As we flew homeward from Miami, I glanced over at my wife and then down at the stack of papers on my tray table, excerpts from the manuscript of a book I’d long been writing.  I recalled Hemingway’s first wife, Hadley, and how in the winter of 1922, while traveling from their home in Paris to join Ernest for a skiing holiday in Switzerland, she lost on the train a valise containing the only copies of his works-in-progress. 

She’d been frantic with remorse and Hemingway characteristically dark in response. To others he later would attribute the subsequent dissolution of their marriage to the lost valise. It’s likely that no one ever will know the true contents of that small suitcase, but no matter what it contained, the paths to nowhere so familiar to all writers or the seeds of a great novel, to me his attempt to pin the source of their marital failure on this, his wife’s now-infamous misstep, rings hollow. His marriage to Hadley, his need for Hadley, had run its course.  His immediate future lay in Key West with Pauline, the wife soon to follow.

Therein, perhaps, lies some evidence of the tragedy inherent in Hemingway the man, of the emptiness that co-existed cheek to cheek with the greatness. In his letter of acceptance after receiving the Nobel Prize for literature in 1954 he wrote, “Writing, at its best, is a lonely life…For [the writer] does his work alone, and if he is a good enough writer he must face eternity, or the lack of it, each day”. 

This is, at once, the most accurate, moving and bleak description I’ve ever read of what it means to be a writer, and the words eloquently bespeak Hemingway’s ever-increasing despair. As his biographer, Carlos Baker, put it, he was haunted by the “nightmare of nothingness”. No new locale, no matter how exotic; no number of marlin taken from the Stream nor braces of duck shot from the blue Idaho skies; and no new wife, however idealized, was sufficient to assuage for long the inevitable loneliness or to fill that “empty spot” to which he so often referred. And as age, his prodigious drinking, a series of head injuries and his increasingly effortful attempt to maintain the virile image his public had come to demand removed from him his ability to write, there was no more filling that emptiness. Even as a young man he seemed to anticipate the end awaiting him; as he wrote in Farewell to Arms: “The world breaks every one…those that will not break it kills.”

Since my initial introduction to Hemingway I’ve read most of his published works, a number of his letters and at least a dozen biographies. Over the years, both by my reading and by visiting many of the places of which he wrote, I’ve attempted to trace the path of Hemingway’s tragic odyssey.

I’ve roamed the Basque country he glorified in The Sun Also Rises and lingered in the old Shakespeare and Company bookshop on the Left Bank of the Seine. I’ve toured the first home he owned, the lovely old house in Key West. Not far from his last, in Ketchum, I’ve stood in the icy waters of the Big Wood River and cast for trout, the treeless sere mounds (“hills like…elephants”) of Camas County rising gently to the west.

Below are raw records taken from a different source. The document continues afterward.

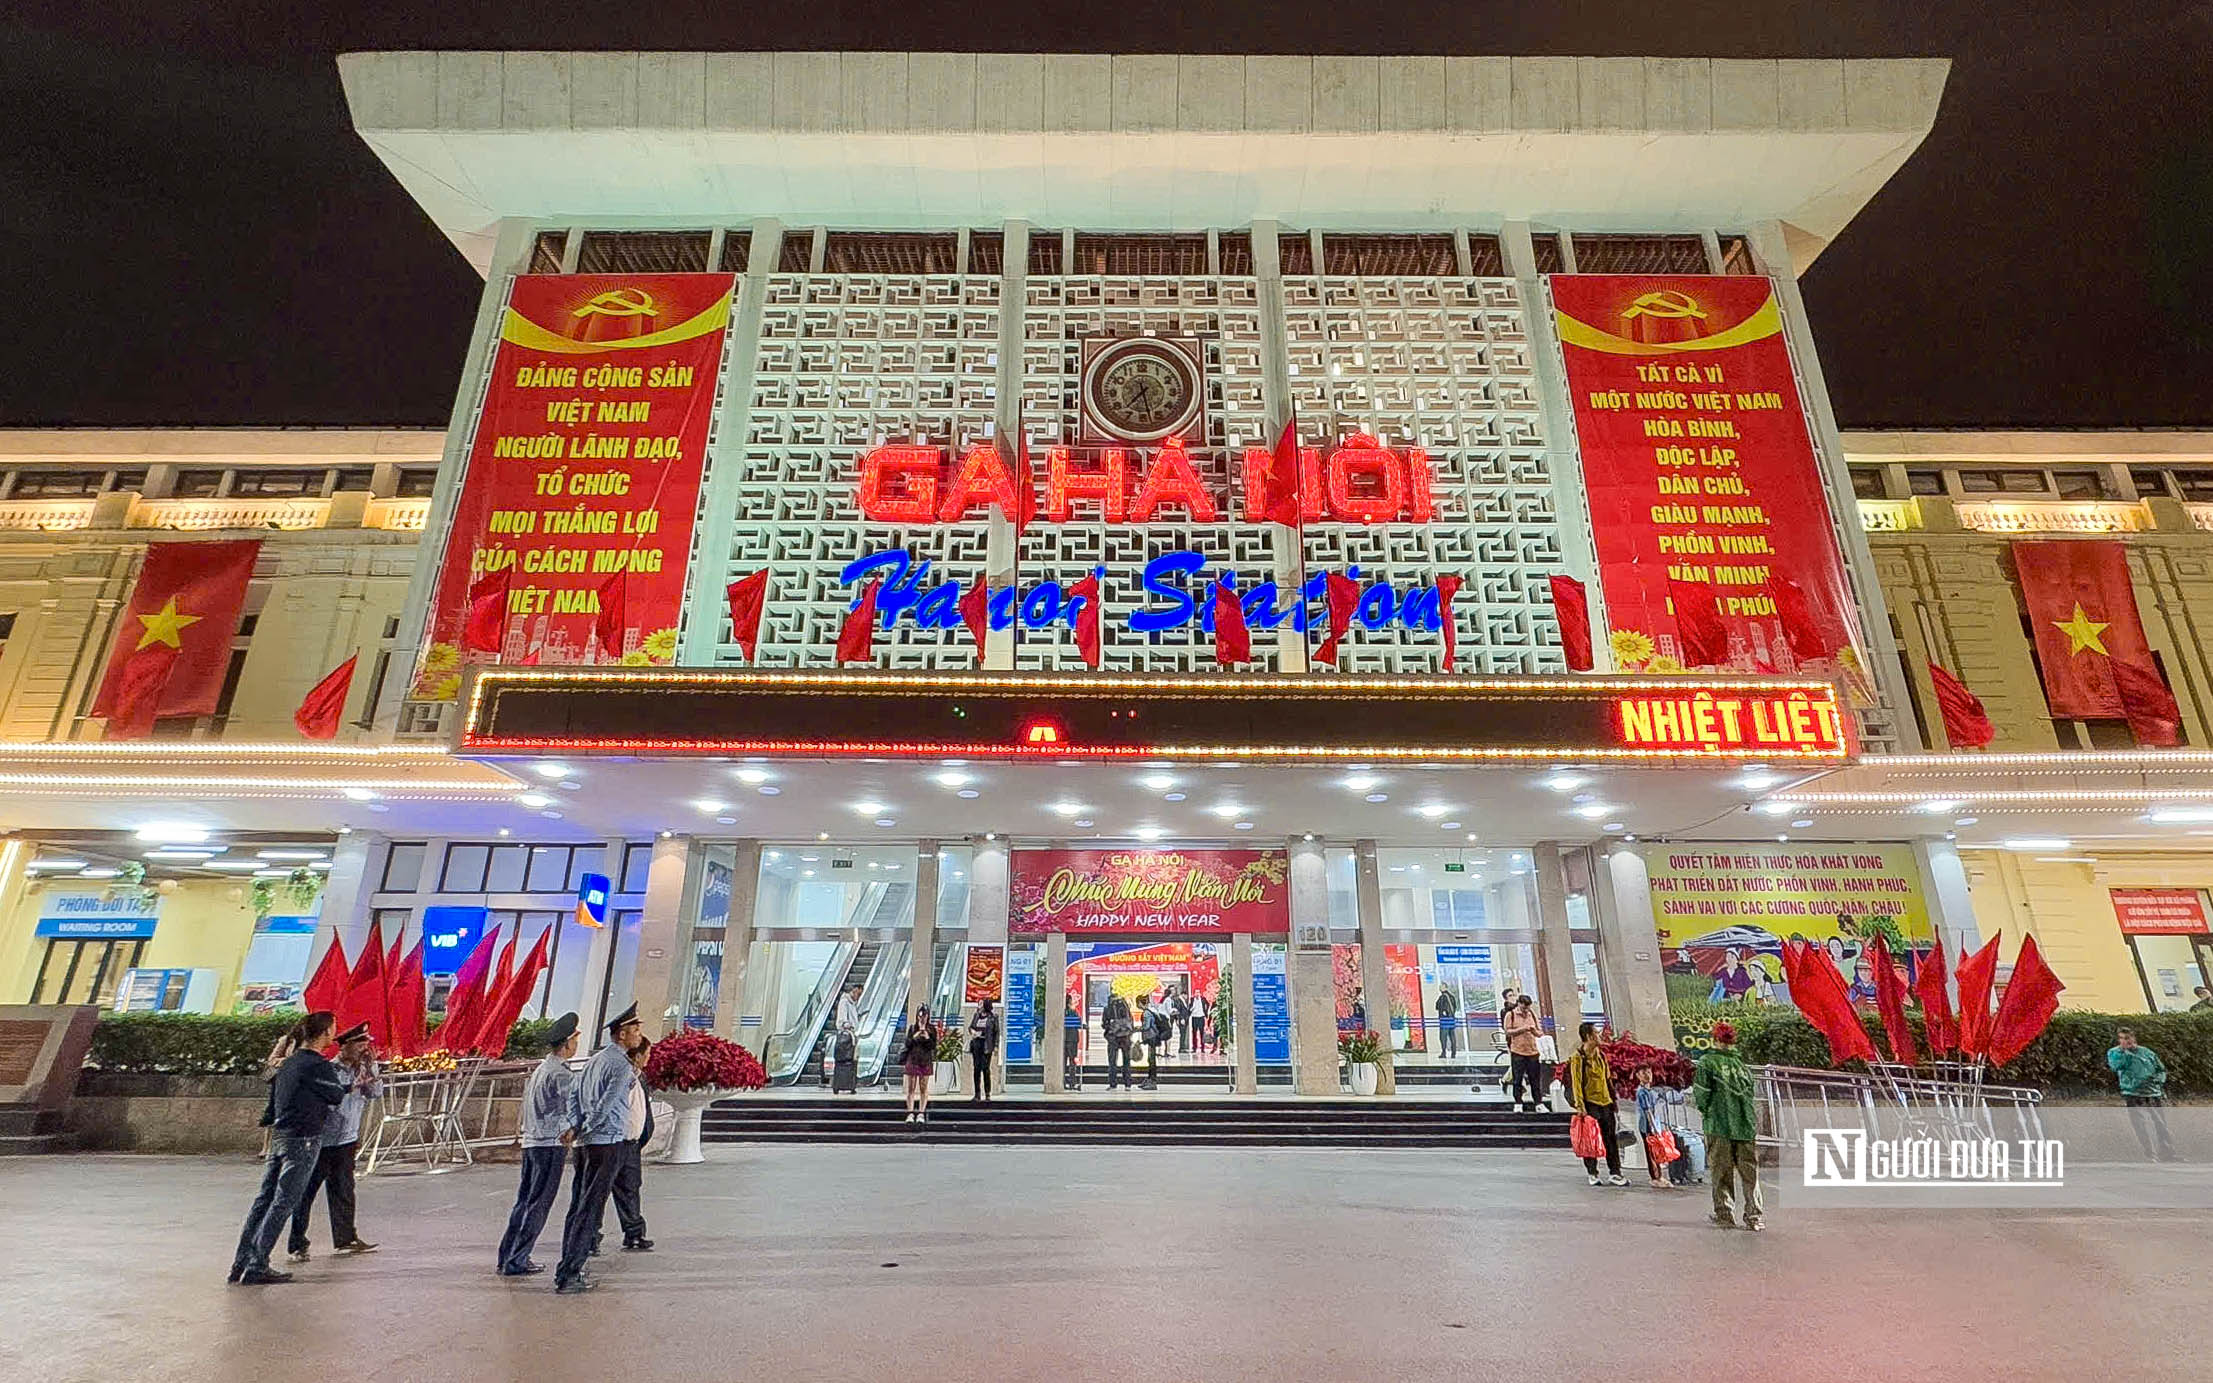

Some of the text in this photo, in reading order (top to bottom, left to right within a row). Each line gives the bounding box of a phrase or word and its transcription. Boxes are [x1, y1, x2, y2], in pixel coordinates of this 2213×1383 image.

[515, 359, 694, 393] ĐẢNG CỘNG SẢN
[1635, 361, 1724, 385] TẤT CẢ VÌ
[546, 397, 650, 429] VIỆT NAM
[1590, 389, 1784, 415] MỘT NƯỚC VIỆT NAM
[1644, 416, 1741, 441] HÒA BÌNH,
[494, 431, 683, 464] NGƯỜI LÃNH ĐẠO,
[1655, 444, 1740, 470] ĐỘC LẬP,
[536, 465, 631, 496] TỔ CHỨC
[859, 443, 1020, 524] GA
[1047, 434, 1216, 525] HÀ
[1658, 471, 1751, 497] DÂN CHỦ,
[489, 504, 660, 540] MỌI THẮNG LỢI
[1650, 500, 1771, 528] GIÀU MẠNH,
[1658, 530, 1776, 556] PHỒN VINH,
[523, 544, 587, 573] CÁCH
[1621, 691, 1838, 752] NHIỆT LIỆT
[1110, 854, 1131, 866] GA
[1024, 868, 1121, 914] Chúc
[1697, 900, 1717, 915] VAI
[103, 922, 138, 932] ROOM
[1076, 914, 1221, 928] HAPPY NEW YEAR
[431, 934, 458, 948] VIB

As the golden leaves fell around me, I read the inscription on the simple memorial that stands unobtrusively beside the road that runs past the Sun Valley Lodge ("Best of all he loved the fall…”).  

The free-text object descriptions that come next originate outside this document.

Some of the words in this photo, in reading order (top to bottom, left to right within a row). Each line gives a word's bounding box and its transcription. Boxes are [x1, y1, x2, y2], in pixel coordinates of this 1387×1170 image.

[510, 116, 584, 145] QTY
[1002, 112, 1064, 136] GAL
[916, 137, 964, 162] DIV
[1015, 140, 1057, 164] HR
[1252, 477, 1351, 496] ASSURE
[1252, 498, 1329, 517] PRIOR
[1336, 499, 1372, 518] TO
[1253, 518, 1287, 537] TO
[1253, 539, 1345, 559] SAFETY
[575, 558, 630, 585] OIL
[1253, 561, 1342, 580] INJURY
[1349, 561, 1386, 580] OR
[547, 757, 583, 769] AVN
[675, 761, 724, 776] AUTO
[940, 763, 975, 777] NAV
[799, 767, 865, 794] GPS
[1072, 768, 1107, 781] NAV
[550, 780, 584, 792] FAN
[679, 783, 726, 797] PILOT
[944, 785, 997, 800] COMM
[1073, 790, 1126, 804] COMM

I’ve scarcely been alone in this endeavor. Untold hordes of writers, would-be-writers and simple aficionados have done the same, and each presumably has reached his or her own conclusion as to what forces eventually drove this man to self-annihilation. Whatever the conclusion, in tracing his path one finds evidence at every step at of a man who acknowledged his personal demons, confronted those demons as best he could and in the end finally lost the capacity to resist them. From the cacophony of emotions and experiences that comprise a loving family one may achieve equipoise, but to this great and sad man whose work has provided such pleasure to so many was denied the surcease of even this homely remedy. 

Catching my glance, Diane leaned into me and brought her lips close to my ear.  “We’ll go away like this every spring break,” she whispered.

The plane banked slightly, pressing her more closely against me. “Yes,” I said. “Isn’t it pretty to think so.”